◆ Task details ◆
Your task is to write out the lines from the line containing "this 1288×966 image." through the last line of the material, exactly.

◆ Records to use ◆
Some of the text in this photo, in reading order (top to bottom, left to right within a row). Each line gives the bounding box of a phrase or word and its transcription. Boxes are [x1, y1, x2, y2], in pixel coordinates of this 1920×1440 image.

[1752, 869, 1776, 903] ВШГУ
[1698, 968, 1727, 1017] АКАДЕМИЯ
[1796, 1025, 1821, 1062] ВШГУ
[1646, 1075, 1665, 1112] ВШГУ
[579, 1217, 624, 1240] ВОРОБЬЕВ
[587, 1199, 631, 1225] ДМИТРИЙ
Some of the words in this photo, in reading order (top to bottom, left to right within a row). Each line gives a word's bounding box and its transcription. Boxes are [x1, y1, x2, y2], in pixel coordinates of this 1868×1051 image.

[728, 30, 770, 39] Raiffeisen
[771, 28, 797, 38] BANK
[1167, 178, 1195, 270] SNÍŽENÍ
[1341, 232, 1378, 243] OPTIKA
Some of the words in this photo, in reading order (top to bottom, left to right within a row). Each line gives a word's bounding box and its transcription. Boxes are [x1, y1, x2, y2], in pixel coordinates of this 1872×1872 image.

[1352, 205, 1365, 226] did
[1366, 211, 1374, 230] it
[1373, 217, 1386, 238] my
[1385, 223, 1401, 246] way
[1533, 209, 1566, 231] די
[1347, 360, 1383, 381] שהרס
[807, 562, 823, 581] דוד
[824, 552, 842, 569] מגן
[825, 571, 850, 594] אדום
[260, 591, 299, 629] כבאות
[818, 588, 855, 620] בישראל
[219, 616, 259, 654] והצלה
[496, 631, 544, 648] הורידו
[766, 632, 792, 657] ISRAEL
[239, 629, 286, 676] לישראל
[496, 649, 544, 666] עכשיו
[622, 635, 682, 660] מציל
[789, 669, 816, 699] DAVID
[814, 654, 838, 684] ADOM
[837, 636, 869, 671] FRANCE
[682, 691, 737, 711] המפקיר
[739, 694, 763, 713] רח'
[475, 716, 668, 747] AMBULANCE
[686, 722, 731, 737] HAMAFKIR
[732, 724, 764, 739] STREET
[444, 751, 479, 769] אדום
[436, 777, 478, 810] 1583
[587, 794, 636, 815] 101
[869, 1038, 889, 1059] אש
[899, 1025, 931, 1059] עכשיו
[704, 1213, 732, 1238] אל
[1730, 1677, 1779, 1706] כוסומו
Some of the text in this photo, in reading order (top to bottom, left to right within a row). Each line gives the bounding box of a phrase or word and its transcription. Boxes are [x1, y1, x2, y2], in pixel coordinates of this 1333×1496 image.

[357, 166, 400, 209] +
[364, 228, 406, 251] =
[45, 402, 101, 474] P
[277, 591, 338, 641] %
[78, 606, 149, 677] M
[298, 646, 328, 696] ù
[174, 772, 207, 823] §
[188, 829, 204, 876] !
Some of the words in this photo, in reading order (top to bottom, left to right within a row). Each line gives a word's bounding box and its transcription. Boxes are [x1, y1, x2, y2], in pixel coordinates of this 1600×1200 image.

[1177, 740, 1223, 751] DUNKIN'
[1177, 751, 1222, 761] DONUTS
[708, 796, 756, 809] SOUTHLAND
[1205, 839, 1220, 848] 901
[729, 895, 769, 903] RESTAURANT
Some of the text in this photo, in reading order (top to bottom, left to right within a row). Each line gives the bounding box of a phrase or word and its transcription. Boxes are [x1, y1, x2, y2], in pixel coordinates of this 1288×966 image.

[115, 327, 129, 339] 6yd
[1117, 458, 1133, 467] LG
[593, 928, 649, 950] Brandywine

◆ Solution to this problem ◆
Some of the text in this photo, in reading order (top to bottom, left to right within a row). Each line gives the bounding box of a phrase or word and its transcription. Boxes are [x1, y1, x2, y2], in pixel coordinates of this 1288×966 image.

[115, 327, 129, 339] 6yd
[1117, 458, 1133, 467] LG
[593, 928, 649, 950] Brandywine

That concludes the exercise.